[Annotated photo localization data]
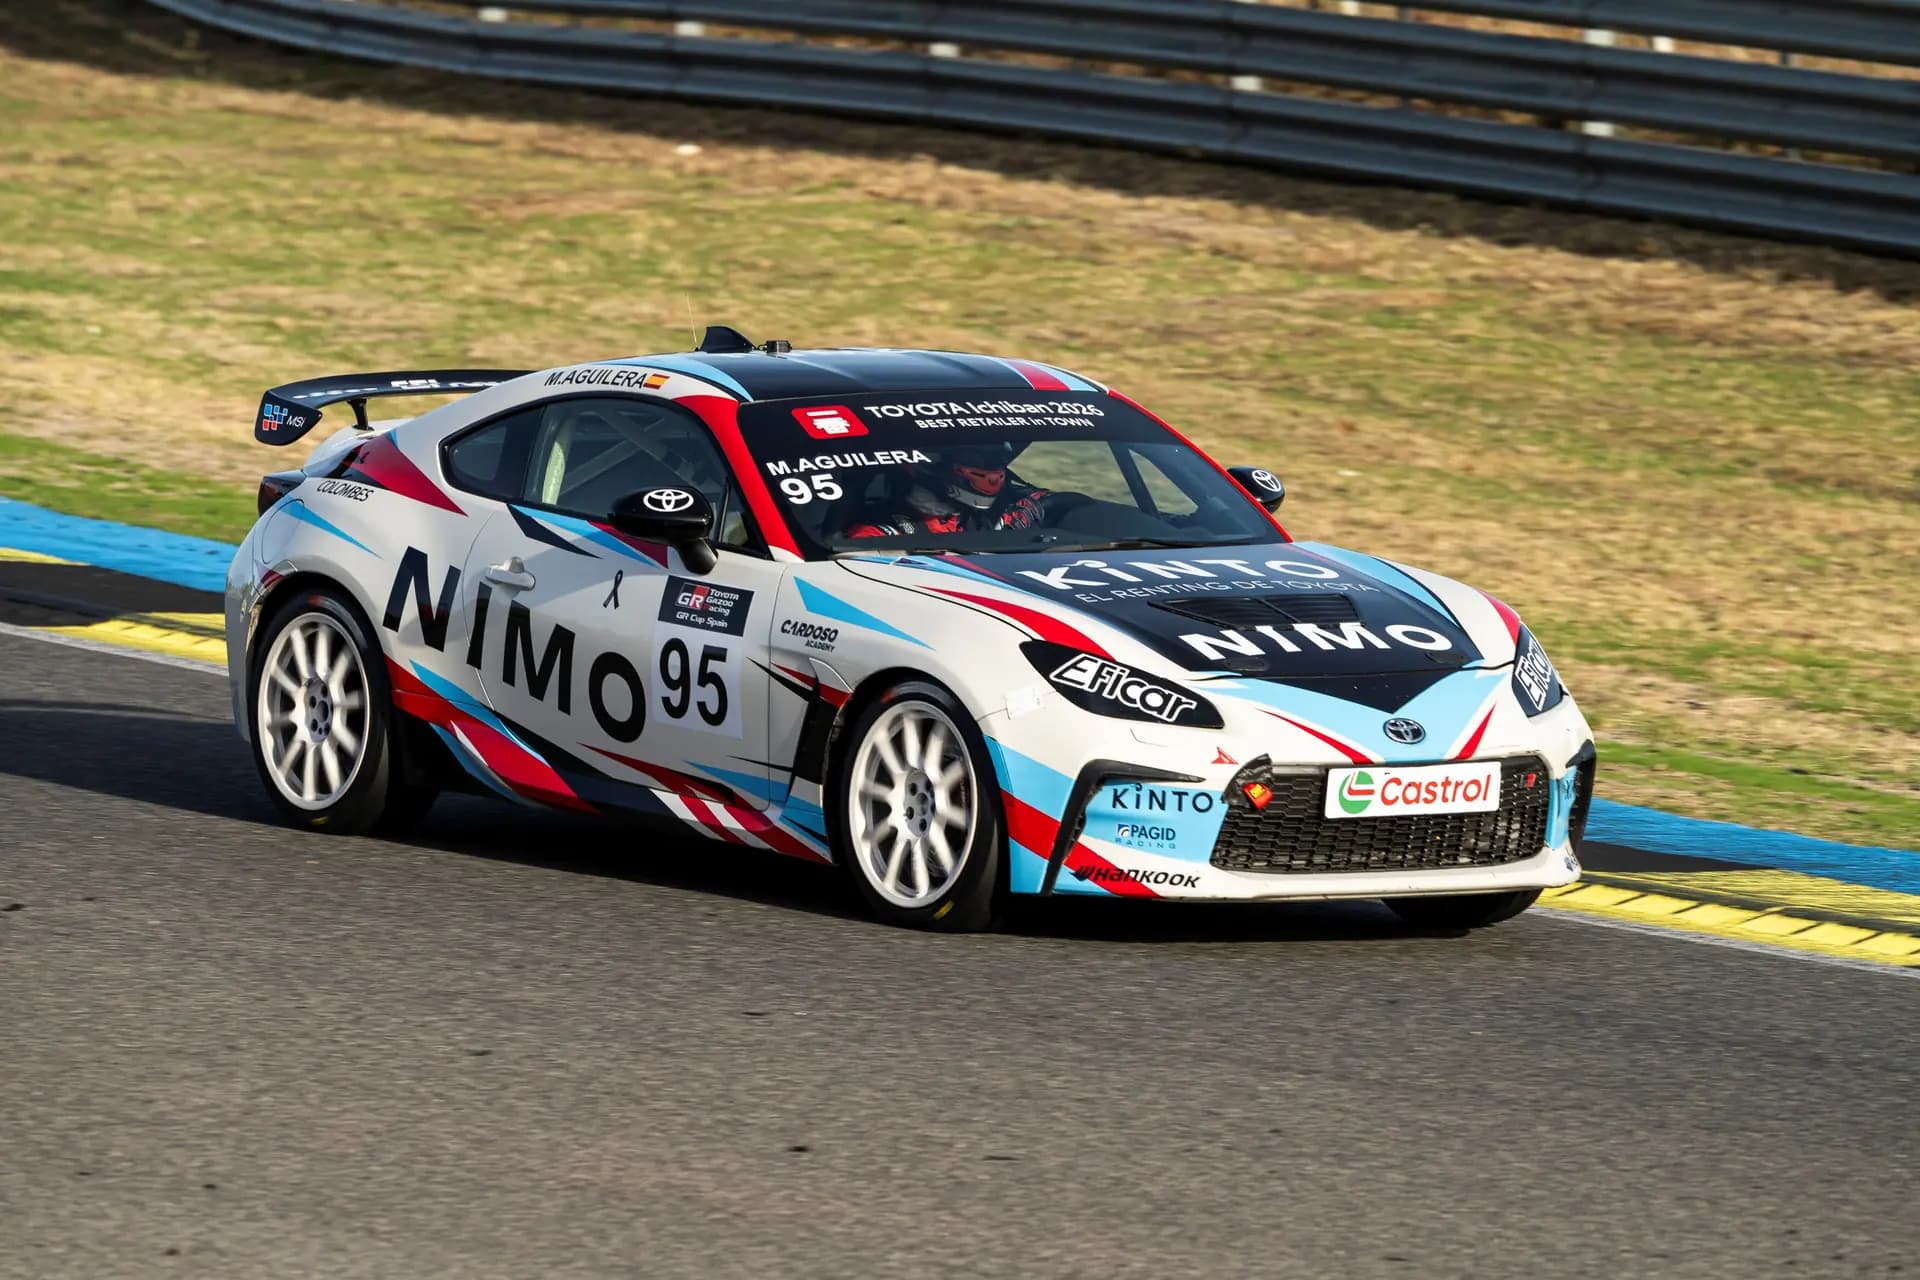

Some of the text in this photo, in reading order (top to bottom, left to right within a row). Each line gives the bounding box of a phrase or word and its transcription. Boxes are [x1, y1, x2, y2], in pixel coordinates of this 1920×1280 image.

[544, 369, 648, 389] M.AGUILERA
[864, 400, 1105, 418] TOYOTA Ichiban 2026
[915, 418, 955, 429] BEST
[957, 417, 1028, 429] RETAILER
[1042, 417, 1096, 427] TOWN
[766, 450, 932, 476] M.AGUILERA
[317, 480, 374, 502] COLOMBES
[780, 473, 843, 505] 95
[678, 592, 704, 609] GR
[1075, 580, 1381, 603] EL RENTING DE TOYOTA
[676, 611, 728, 628] GR Cup Spain
[382, 545, 647, 744] NIMO
[805, 640, 836, 652] ACADEMY
[1178, 622, 1453, 661] NIMO
[659, 637, 728, 727] 95
[1380, 773, 1492, 806] Castrol
[1115, 837, 1177, 849] RACING
[1130, 824, 1176, 841] PAGID
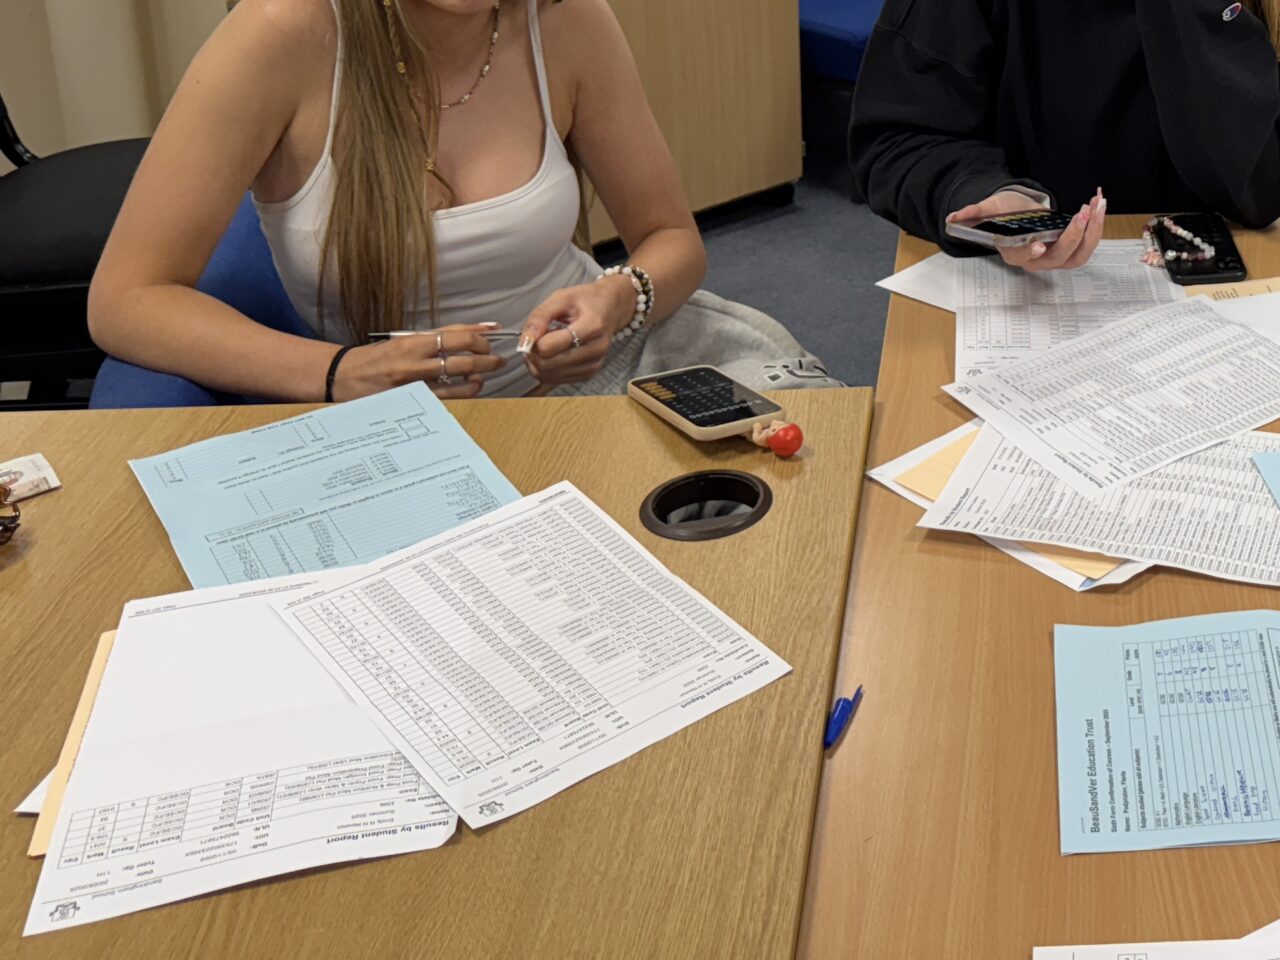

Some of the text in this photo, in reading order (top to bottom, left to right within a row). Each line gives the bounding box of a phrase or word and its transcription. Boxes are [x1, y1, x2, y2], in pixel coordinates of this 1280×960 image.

_Work task_: The result should be an exact retyped version of all the entries above, containing no pictures.

_Your response_:
Some of the text in this photo, in reading order (top to bottom, left to right within a row). Each line gives the bounding box of a phrase or word and its transcription. Boxes are [x1, y1, x2, y2], in pixel coordinates of this 1920×1280 image.

[544, 369, 648, 389] M.AGUILERA
[864, 400, 1105, 418] TOYOTA Ichiban 2026
[915, 418, 955, 429] BEST
[957, 417, 1028, 429] RETAILER
[1042, 417, 1096, 427] TOWN
[766, 450, 932, 476] M.AGUILERA
[317, 480, 374, 502] COLOMBES
[780, 473, 843, 505] 95
[678, 592, 704, 609] GR
[1075, 580, 1381, 603] EL RENTING DE TOYOTA
[676, 611, 728, 628] GR Cup Spain
[382, 545, 647, 744] NIMO
[805, 640, 836, 652] ACADEMY
[1178, 622, 1453, 661] NIMO
[659, 637, 728, 727] 95
[1380, 773, 1492, 806] Castrol
[1115, 837, 1177, 849] RACING
[1130, 824, 1176, 841] PAGID

Some of the text in this photo, in reading order (top to bottom, left to right within a row). Each line gives the bounding box of a phrase or word and its transcription. Boxes are [x1, y1, x2, y2], in pixel coordinates of this 1280×960 image.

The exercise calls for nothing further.